━━ DATA SHOWN ━━

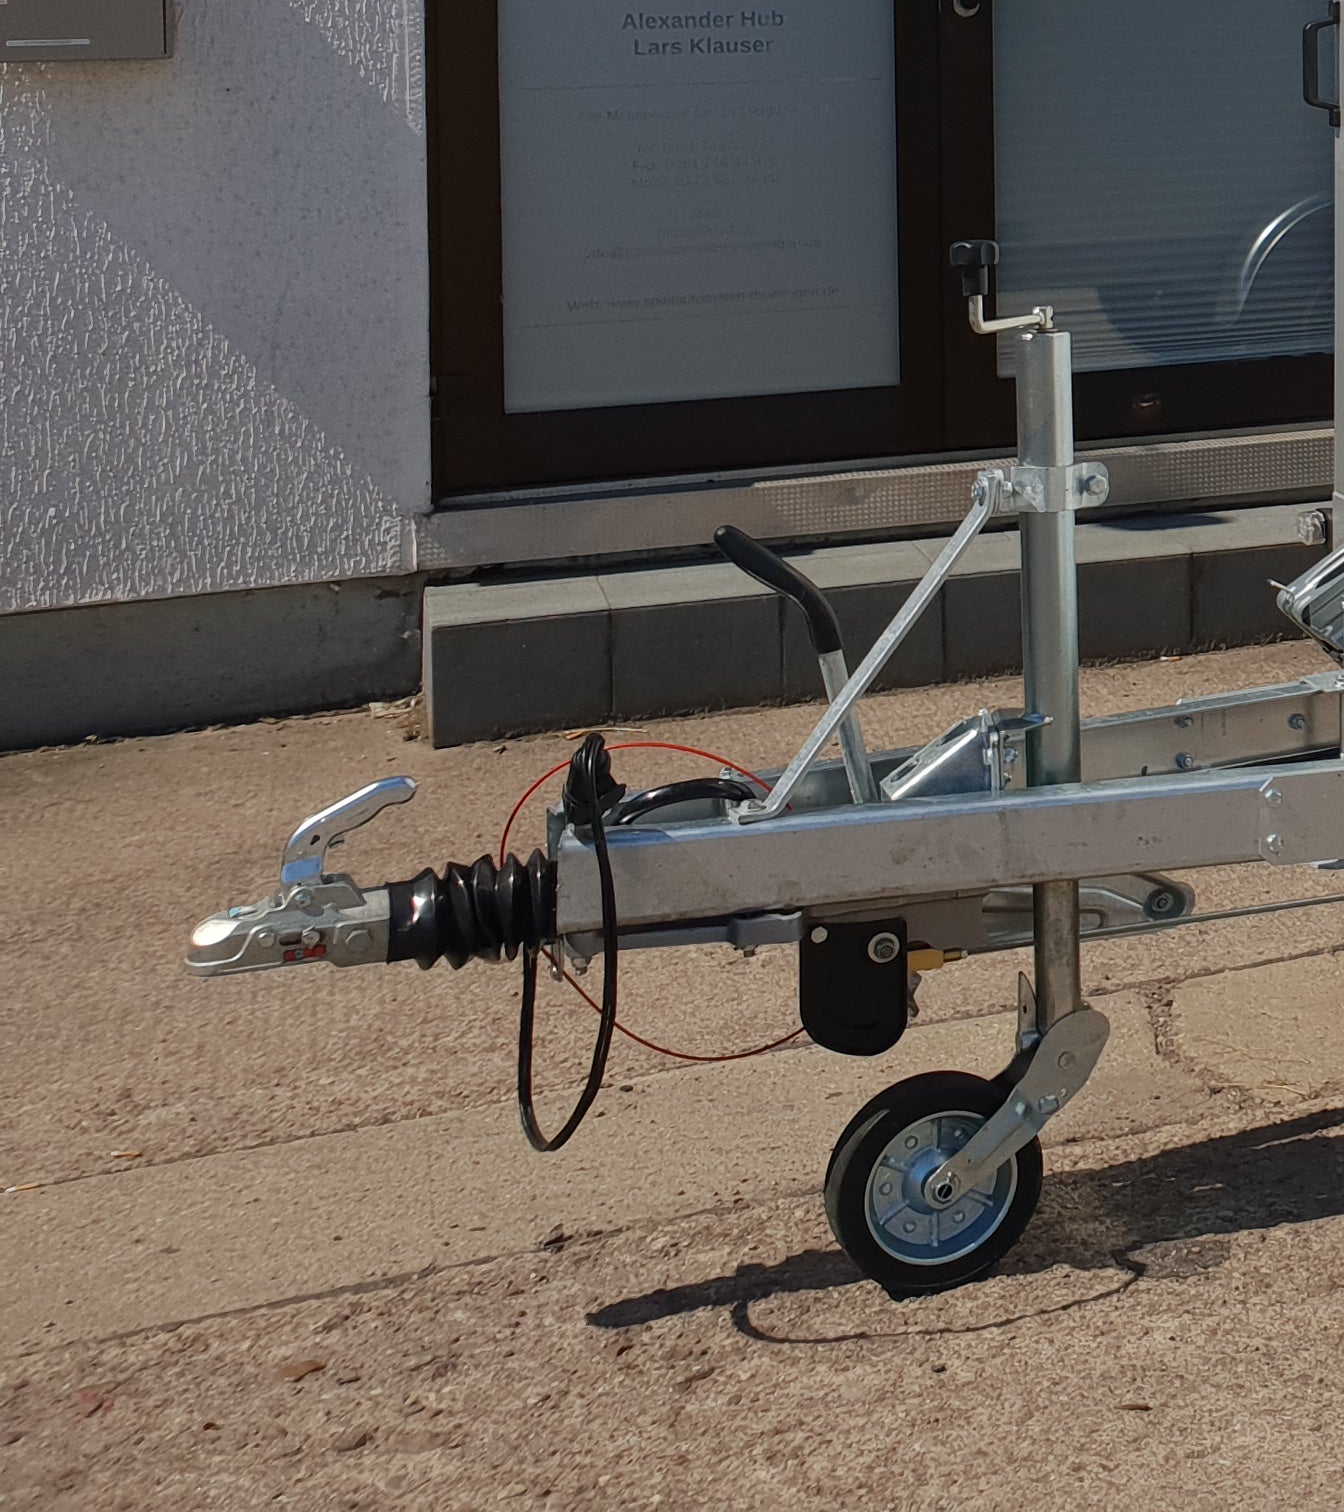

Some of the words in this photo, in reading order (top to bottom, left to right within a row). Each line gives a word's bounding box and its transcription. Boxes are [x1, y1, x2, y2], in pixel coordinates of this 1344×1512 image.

[620, 10, 735, 31] Alexander
[739, 8, 784, 29] Hub
[633, 36, 683, 57] Lars
[689, 35, 775, 56] Klauser
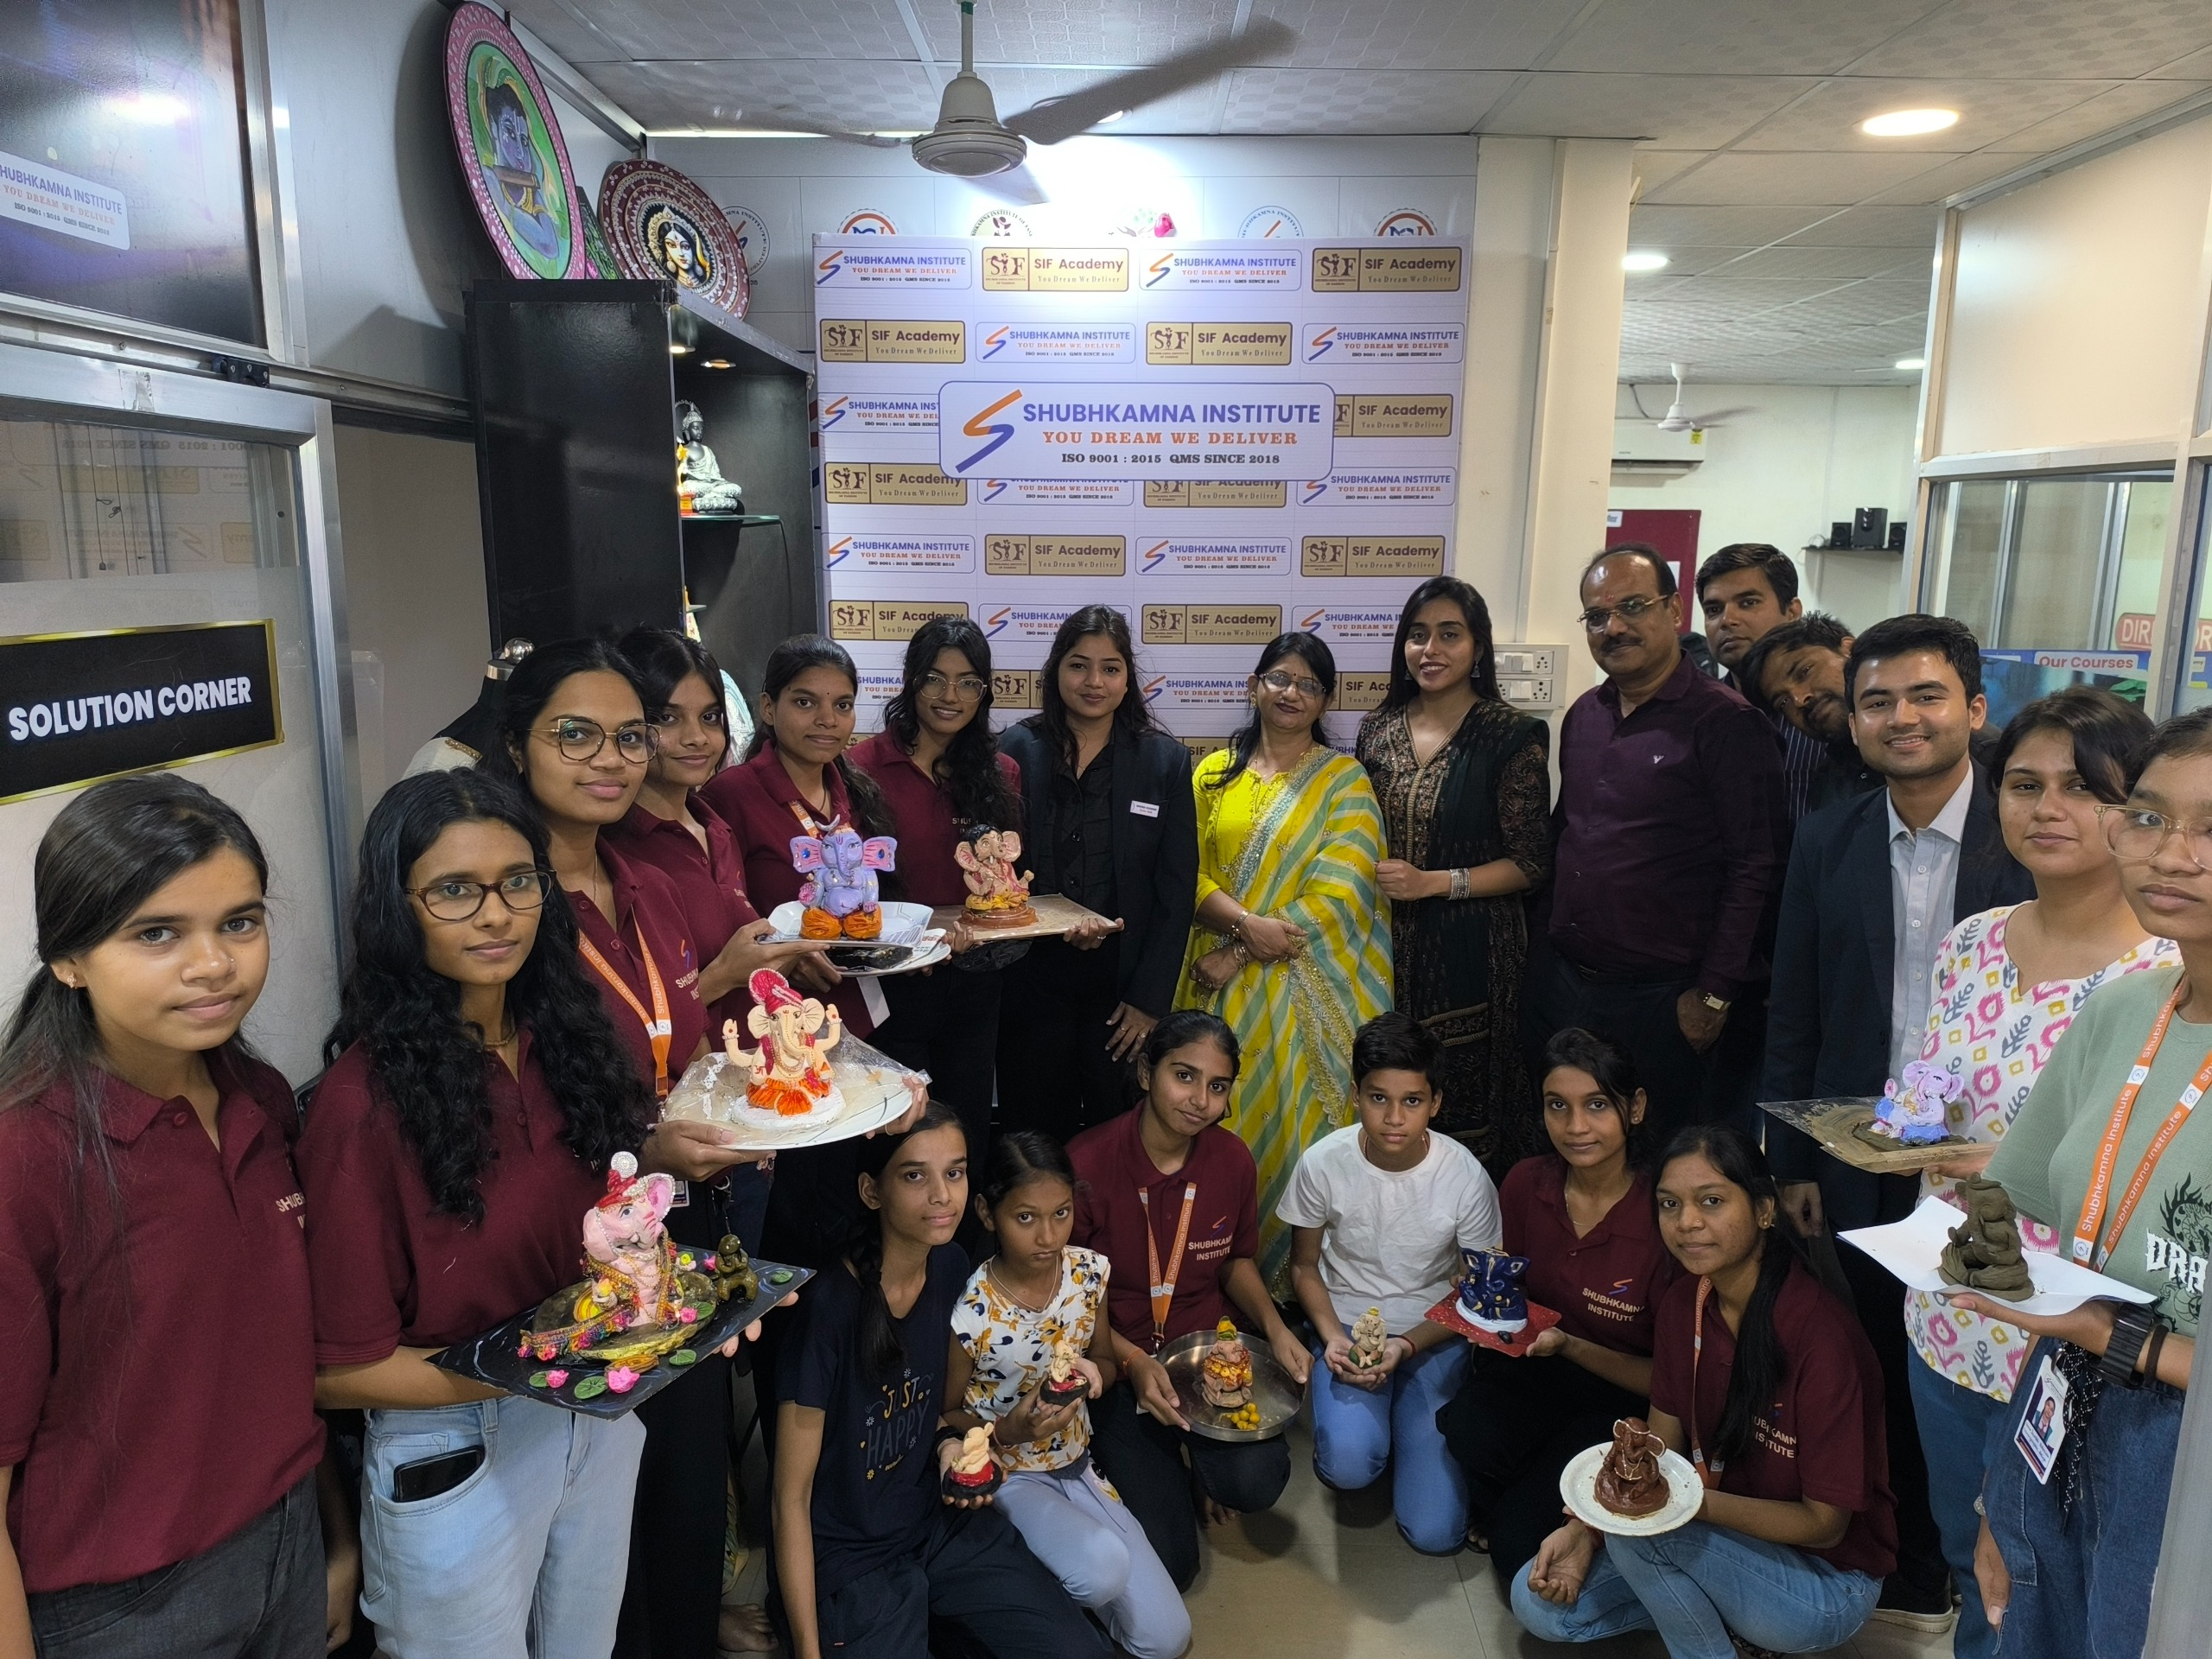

━━━

WHAT TO PRODUCE
Give back every record above word for word; the pictures have no place in it.

YOUR SOLUTION
Some of the words in this photo, in reading order (top to bottom, left to right within a row). Each line gives a word's bounding box and its transcription. Boxes are [x1, y1, x2, y2], in pixel coordinates of this 1344×1512 image.

[620, 10, 735, 31] Alexander
[739, 8, 784, 29] Hub
[633, 36, 683, 57] Lars
[689, 35, 775, 56] Klauser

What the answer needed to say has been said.